This paper will consider how during and following the 2016 US Presidential election internet memes transformed from fairly frivolous digital artifacts into a potent form of tactical media capable of eliciting passionate responses. Though this is not the first occasion that memes have veered toward the political, there is a marked difference in the rhetorical strategies employed in political memes in what we might call the Trumpian era. In essence, memes have lost their sense of humor. Bad Luck Brian has been replaced by a post-ideological alt-right frog. The exchange value of Internet memes is based in a heightening of the alienation effect -- to borrow from Brecht -- their being made progressively more strange; their rhetorical claims more extreme perhaps.
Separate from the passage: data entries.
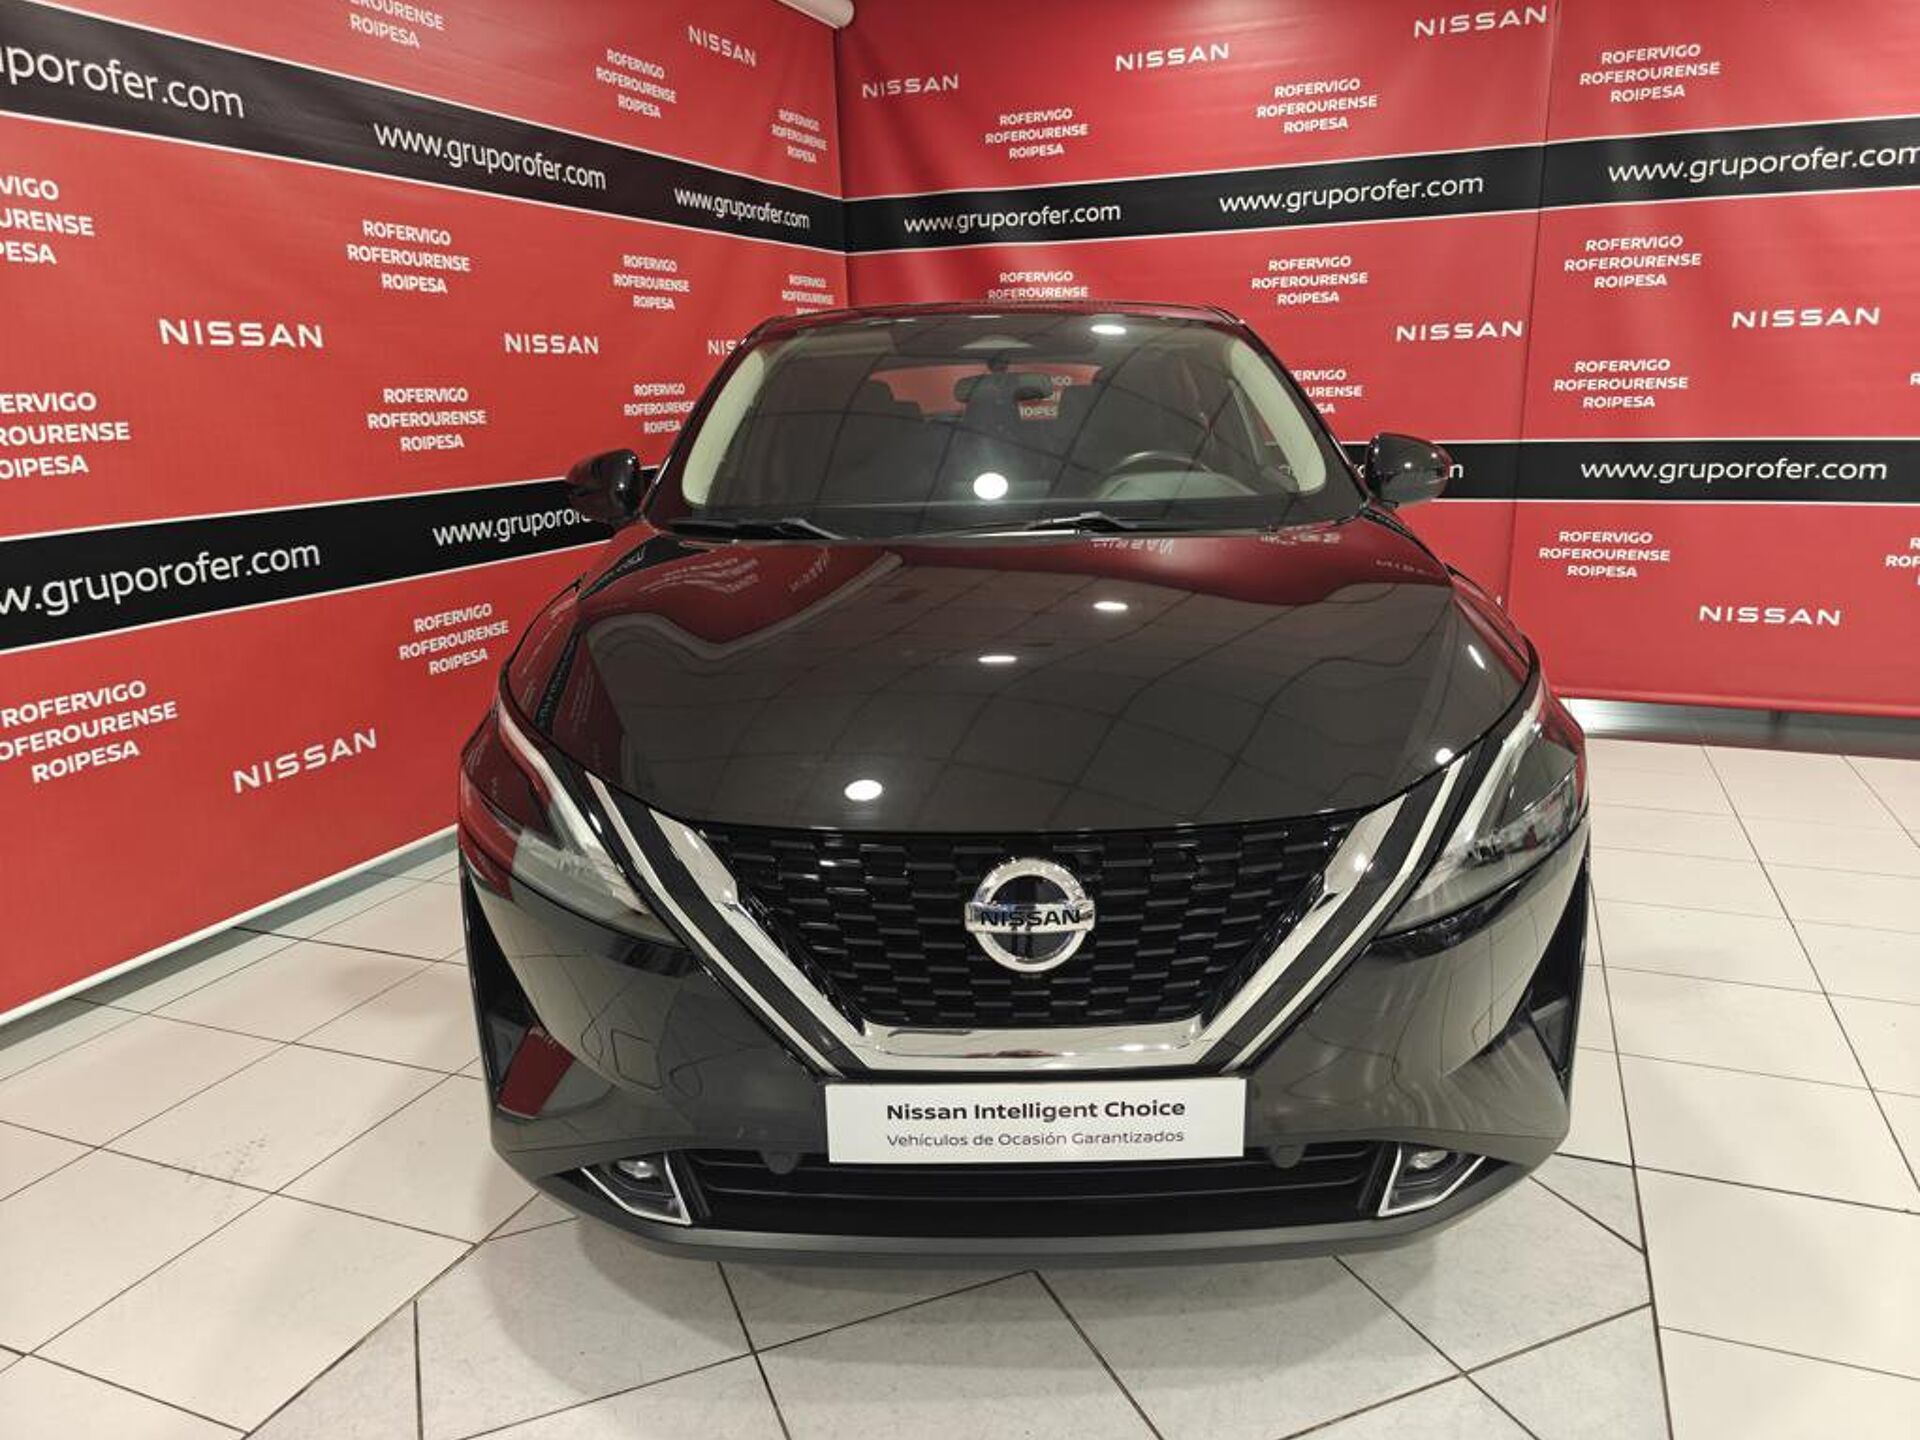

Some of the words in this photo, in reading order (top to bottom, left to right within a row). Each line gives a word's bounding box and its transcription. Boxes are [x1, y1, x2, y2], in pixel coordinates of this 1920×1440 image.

[350, 13, 420, 48] ROIPESA
[1414, 5, 1548, 38] NISSAN
[688, 25, 756, 66] NISSAN
[1601, 44, 1701, 65] ROFERVIGO
[1116, 43, 1229, 71] NISSAN
[0, 46, 244, 118] porofer.com
[1579, 61, 1721, 85] ROFEROURENSE
[862, 74, 958, 98] NISSAN
[1275, 78, 1360, 98] ROFERVIGO
[1610, 84, 1685, 102] ROIPESA
[1000, 107, 1073, 126] ROFERVIGO
[1256, 94, 1378, 118] ROFEROURENSE
[985, 123, 1088, 144] ROFEROURENSE
[1284, 116, 1349, 134] ROIPESA
[374, 123, 606, 190] www.gruporofer.com
[1009, 143, 1065, 159] ROIPESA
[1219, 176, 1484, 213] www.gruporofer.com
[674, 187, 810, 229] www.gruporofer.com
[904, 205, 1121, 234] www.gruporofer.com
[362, 219, 451, 246] ROFERVIGO
[1585, 234, 1683, 252] ROFERVIGO
[346, 244, 471, 272] ROFEROURENSE
[1268, 255, 1352, 271] ROFERVIGO
[1564, 253, 1702, 272] ROFEROURENSE
[381, 272, 448, 293] ROIPESA
[999, 269, 1074, 283] ROFERVIGO
[1251, 272, 1368, 289] ROFEROURENSE
[1594, 272, 1667, 288] ROIPESA
[1277, 290, 1339, 305] ROIPESA
[1732, 307, 1880, 328] NISSAN
[159, 319, 323, 348] NISSAN
[1396, 320, 1523, 342] NISSAN
[504, 333, 599, 354] NISSAN
[1290, 368, 1347, 382] ERVIGO
[1574, 359, 1670, 373] ROFERVIGO
[1553, 376, 1688, 392] ROFEROURENSE
[383, 387, 469, 404] ROFERVIGO
[1583, 395, 1655, 409] ROIPESA
[367, 409, 487, 429] ROFEROURENSE
[401, 434, 465, 452] ROIPESA
[1580, 457, 1887, 483] www.gruporofer.com
[1559, 531, 1653, 545] ROFERVIGO
[1539, 545, 1670, 562] ROFEROURENSE
[1567, 564, 1638, 579] ROIPESA
[413, 603, 493, 633] ROFERVIGO
[1699, 606, 1841, 626] NISSAN
[398, 620, 509, 660] ROFEROURENSE
[428, 648, 489, 675] ROIPESA
[1, 680, 147, 728] ROFERVIGO
[31, 740, 140, 783] ROIPESA
[233, 728, 376, 793] NISSAN
[980, 907, 1081, 928] NISSAN
[887, 1104, 967, 1120] Nissan
[974, 1102, 1097, 1123] Intelligent
[1104, 1100, 1185, 1117] Choice
[887, 1133, 968, 1147] Vehículos
[973, 1131, 993, 1146] de
[998, 1131, 1067, 1146] Ocasión
[1071, 1129, 1184, 1145] Garantizados
This is the fundamental currency of memes, their cultural capital if you will -- their shareability as gestic artifacts; as the commingling of performative gesture and attitude. In more traditional forms of internet memes (if there is a tradition), namely image macros, the iterability and alterability; the portability and flexibility; the idiomatic extensibility of the meme as meme is based on a correspondence between central, archetypal figure and rhetorical content in the form of captions. What emerged during the 2016 election season, and has continued since is a different sort of correspondence; a correspondence where the central figure, the candidate is detached from the artifact, replaced by a sort of speculative character -- an assumed stereotype -- generated through partisan, attitudinal hyperbole. The candidates do not appear as themselves, but as monstrous, damaged gods to a mythos of division. As such, political memes in the Trumpian era form something of a tragic-realism, or a “semi-literature” for a “semi-literate”, though digitally savvy culture.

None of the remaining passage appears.